Required action:
Copy the data exactly, pictures aside.

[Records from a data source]
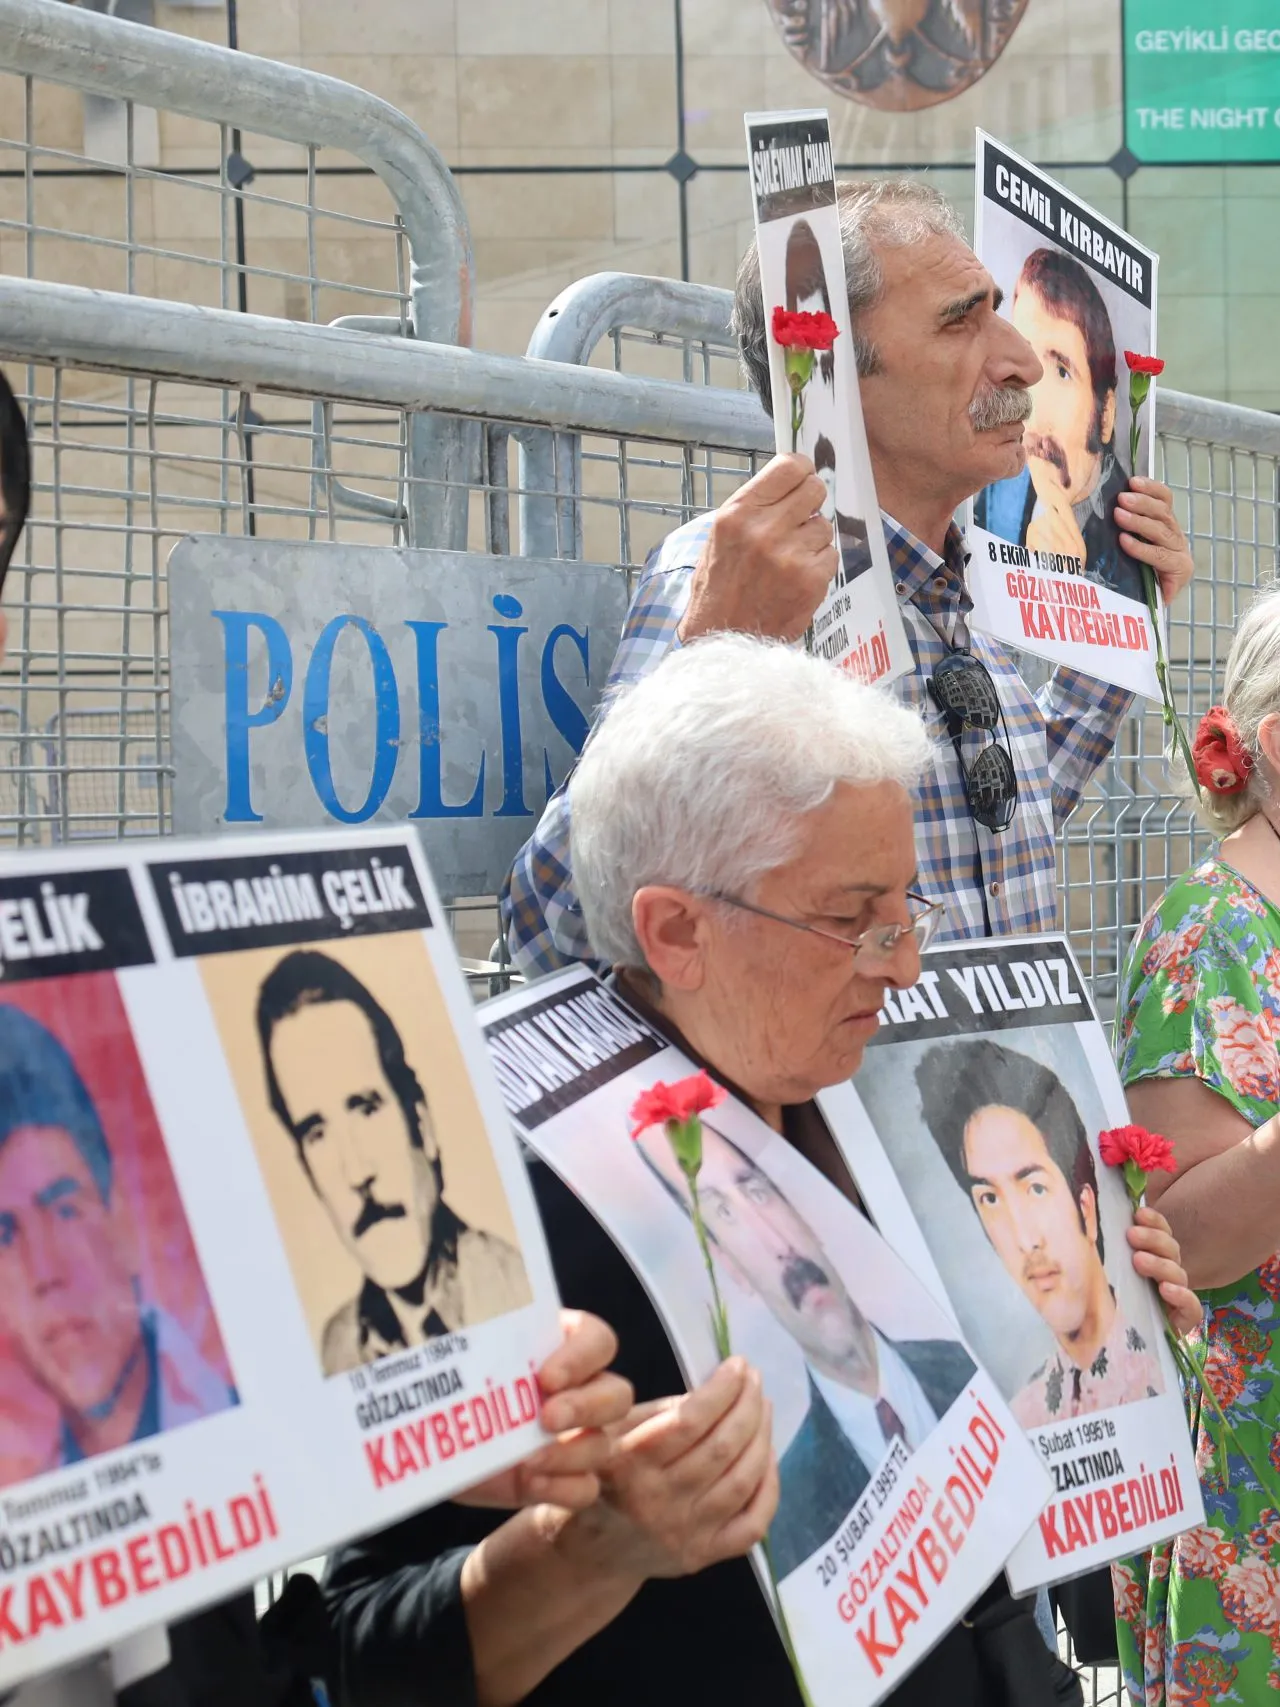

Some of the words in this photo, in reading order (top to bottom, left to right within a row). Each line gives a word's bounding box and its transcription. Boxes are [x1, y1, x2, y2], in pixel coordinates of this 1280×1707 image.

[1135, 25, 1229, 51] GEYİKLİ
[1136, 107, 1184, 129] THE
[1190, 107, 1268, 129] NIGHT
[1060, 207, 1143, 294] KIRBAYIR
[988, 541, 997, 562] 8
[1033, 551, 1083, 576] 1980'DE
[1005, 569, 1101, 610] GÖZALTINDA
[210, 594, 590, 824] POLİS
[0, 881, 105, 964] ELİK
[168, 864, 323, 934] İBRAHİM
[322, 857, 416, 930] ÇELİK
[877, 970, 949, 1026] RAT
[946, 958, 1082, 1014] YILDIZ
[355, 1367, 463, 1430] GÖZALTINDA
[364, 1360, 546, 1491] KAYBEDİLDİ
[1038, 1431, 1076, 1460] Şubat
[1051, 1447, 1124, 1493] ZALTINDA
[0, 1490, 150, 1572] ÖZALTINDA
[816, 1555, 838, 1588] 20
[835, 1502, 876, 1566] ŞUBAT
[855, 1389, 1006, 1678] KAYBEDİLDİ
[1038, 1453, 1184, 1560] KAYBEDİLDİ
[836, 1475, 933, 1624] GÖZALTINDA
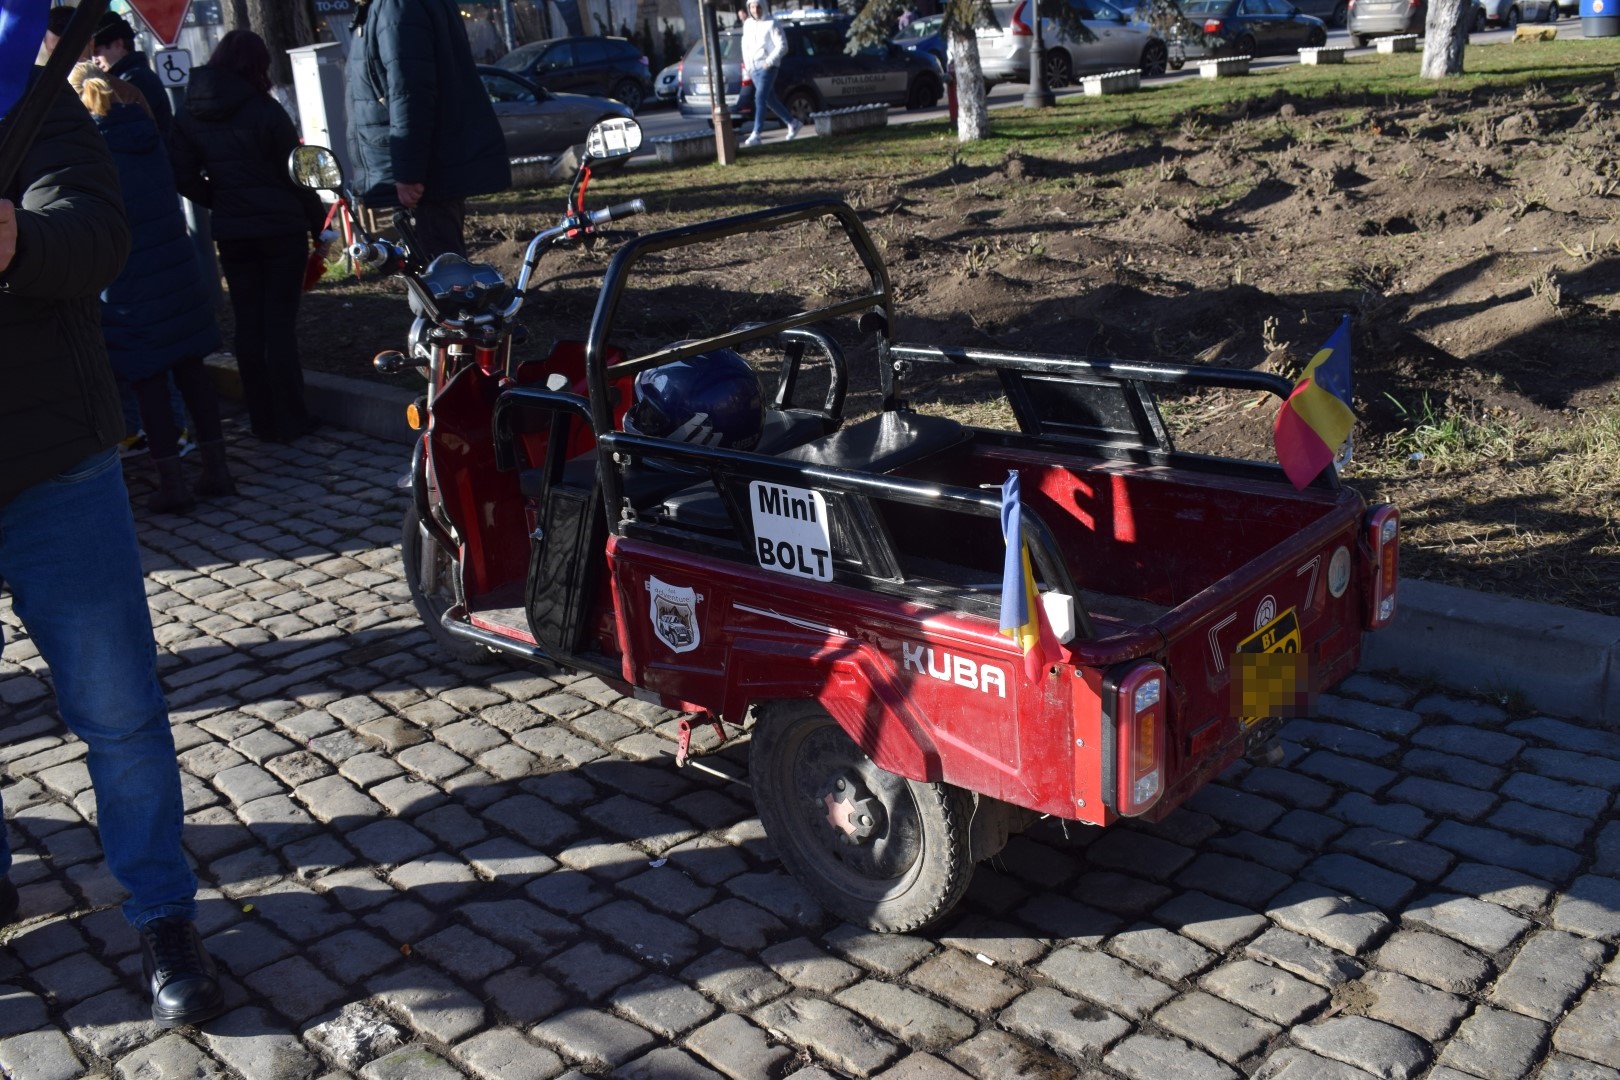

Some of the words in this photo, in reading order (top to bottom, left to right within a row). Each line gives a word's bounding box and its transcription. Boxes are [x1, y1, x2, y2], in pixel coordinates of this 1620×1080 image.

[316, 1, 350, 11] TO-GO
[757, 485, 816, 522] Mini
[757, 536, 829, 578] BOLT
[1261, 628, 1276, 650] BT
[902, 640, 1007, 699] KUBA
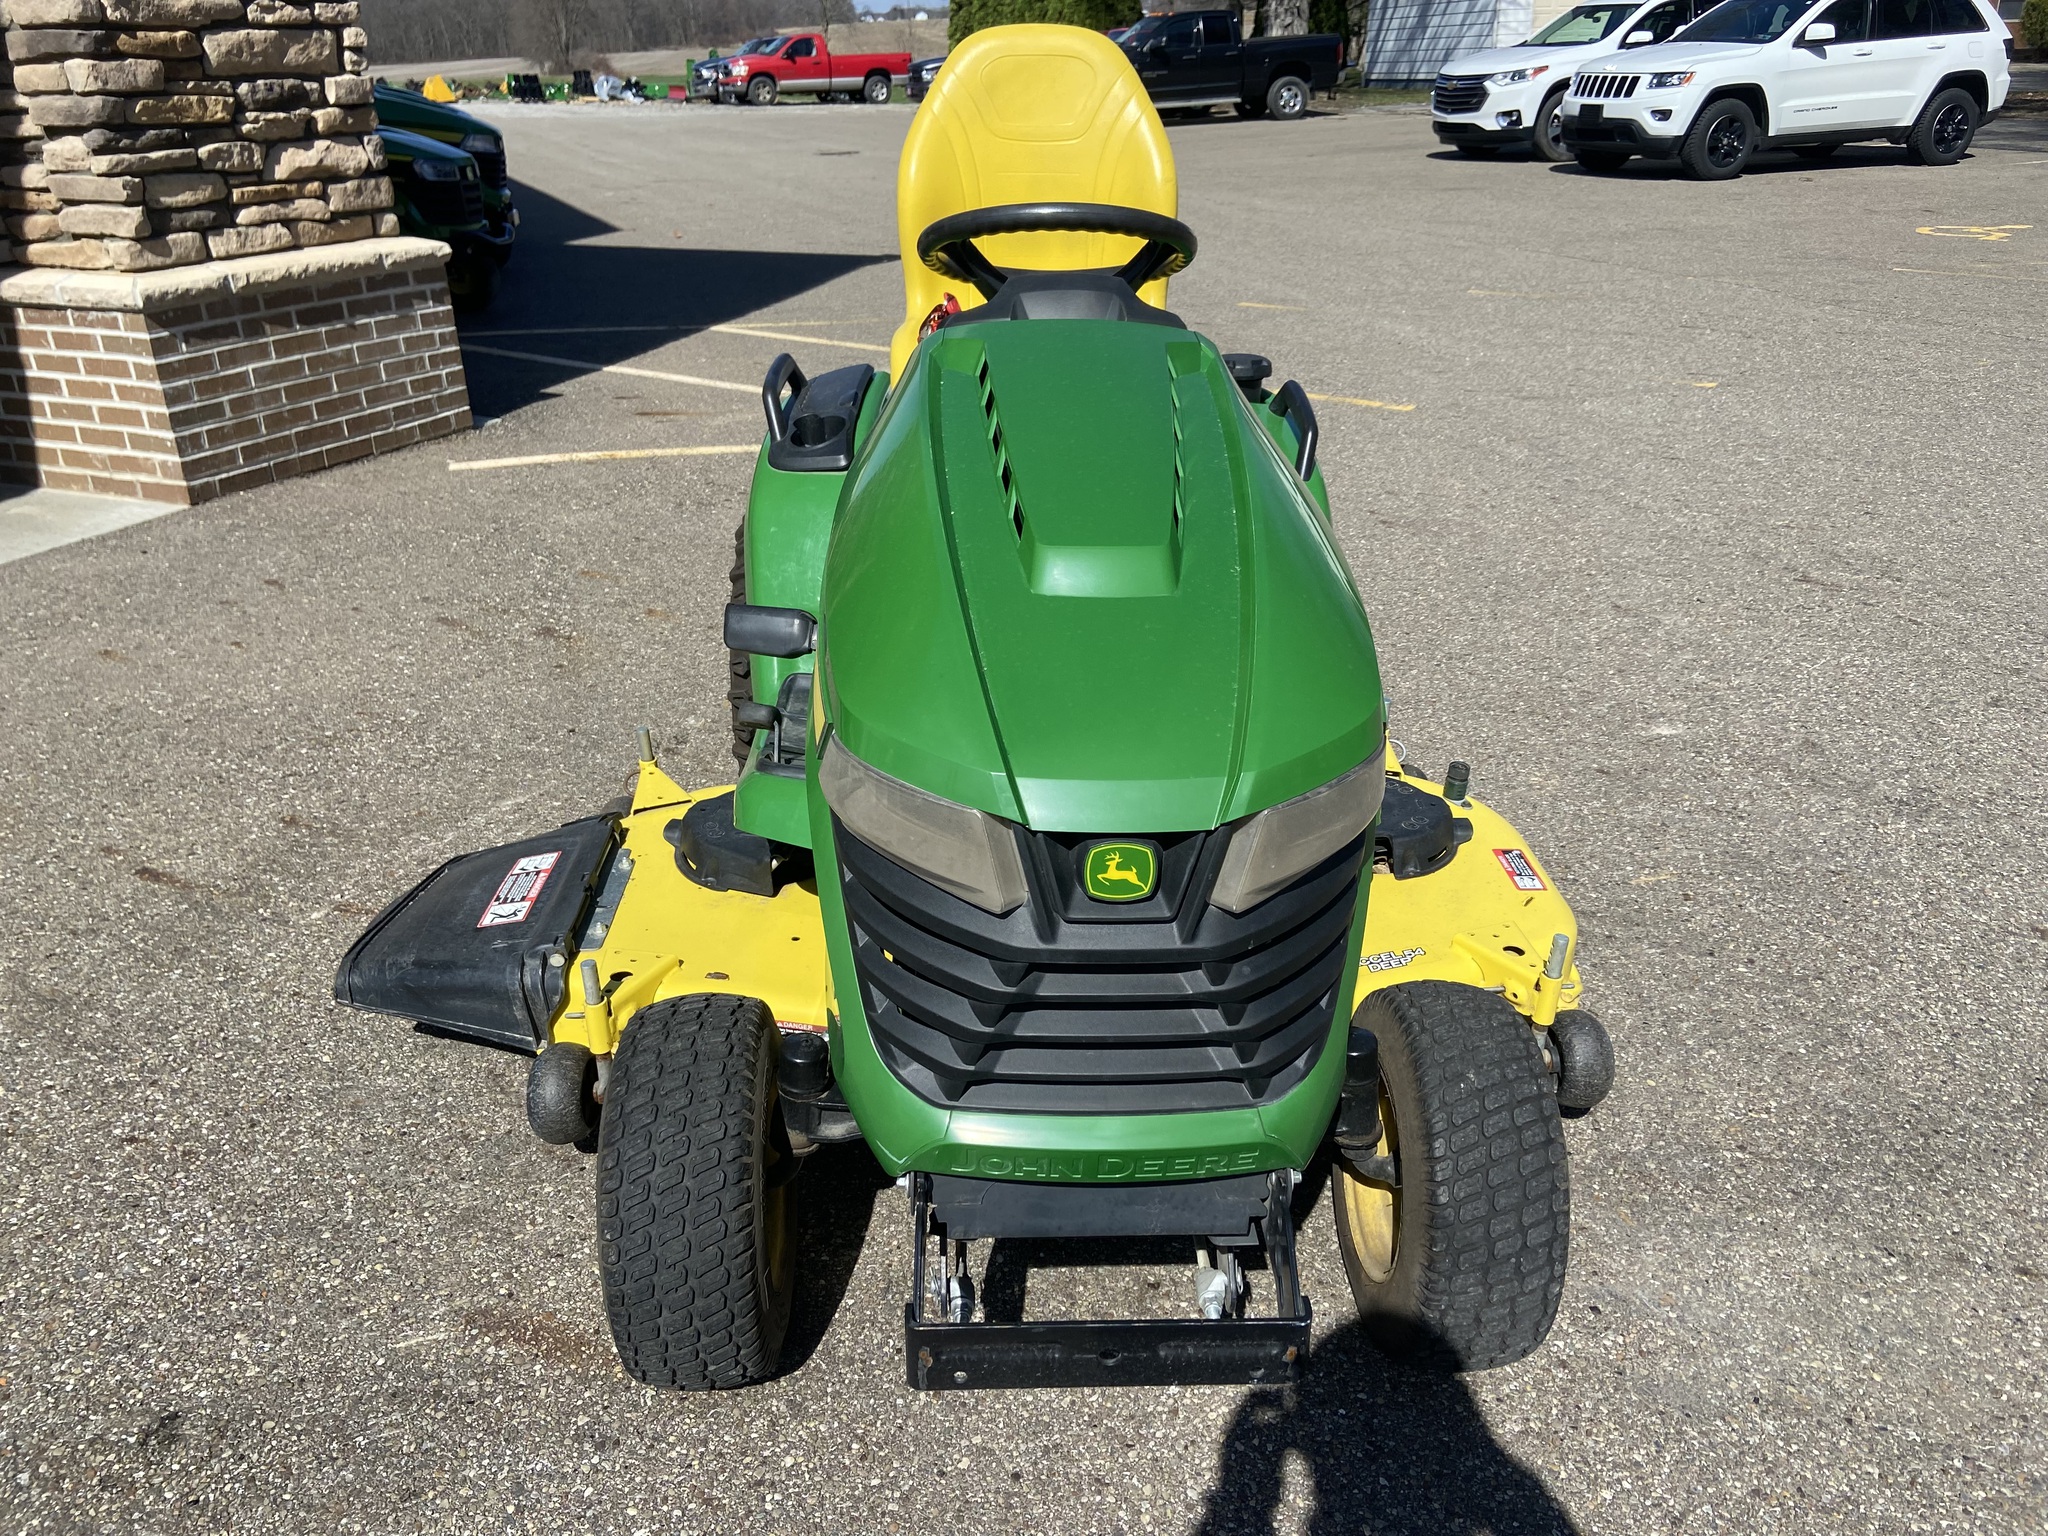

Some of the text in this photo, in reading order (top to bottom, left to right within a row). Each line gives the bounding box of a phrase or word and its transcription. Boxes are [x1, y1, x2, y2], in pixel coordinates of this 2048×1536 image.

Task response:
Some of the words in this photo, in reading order (top to bottom, left to right within a row). Each line gives a word's bounding box and its transcription. Boxes are [x1, y1, x2, y2], in pixel coordinates of this 1280×1707 image.

[1135, 25, 1229, 51] GEYİKLİ
[1136, 107, 1184, 129] THE
[1190, 107, 1268, 129] NIGHT
[1060, 207, 1143, 294] KIRBAYIR
[988, 541, 997, 562] 8
[1033, 551, 1083, 576] 1980'DE
[1005, 569, 1101, 610] GÖZALTINDA
[210, 594, 590, 824] POLİS
[0, 881, 105, 964] ELİK
[168, 864, 323, 934] İBRAHİM
[322, 857, 416, 930] ÇELİK
[877, 970, 949, 1026] RAT
[946, 958, 1082, 1014] YILDIZ
[355, 1367, 463, 1430] GÖZALTINDA
[364, 1360, 546, 1491] KAYBEDİLDİ
[1038, 1431, 1076, 1460] Şubat
[1051, 1447, 1124, 1493] ZALTINDA
[0, 1490, 150, 1572] ÖZALTINDA
[816, 1555, 838, 1588] 20
[835, 1502, 876, 1566] ŞUBAT
[855, 1389, 1006, 1678] KAYBEDİLDİ
[1038, 1453, 1184, 1560] KAYBEDİLDİ
[836, 1475, 933, 1624] GÖZALTINDA

Some of the words in this photo, in reading order (top to bottom, left to right within a row). Each line gives a word's bounding box and its transcription. Boxes are [x1, y1, x2, y2], in pixel coordinates of this 1620×1080 image.

[316, 1, 350, 11] TO-GO
[757, 485, 816, 522] Mini
[757, 536, 829, 578] BOLT
[1261, 628, 1276, 650] BT
[902, 640, 1007, 699] KUBA

Some of the text in this photo, in reading order (top to bottom, left to right within a row). Each line gives the bounding box of a phrase or word and its transcription. Boxes are [x1, y1, x2, y2], in pixel coordinates of this 2048×1536 image.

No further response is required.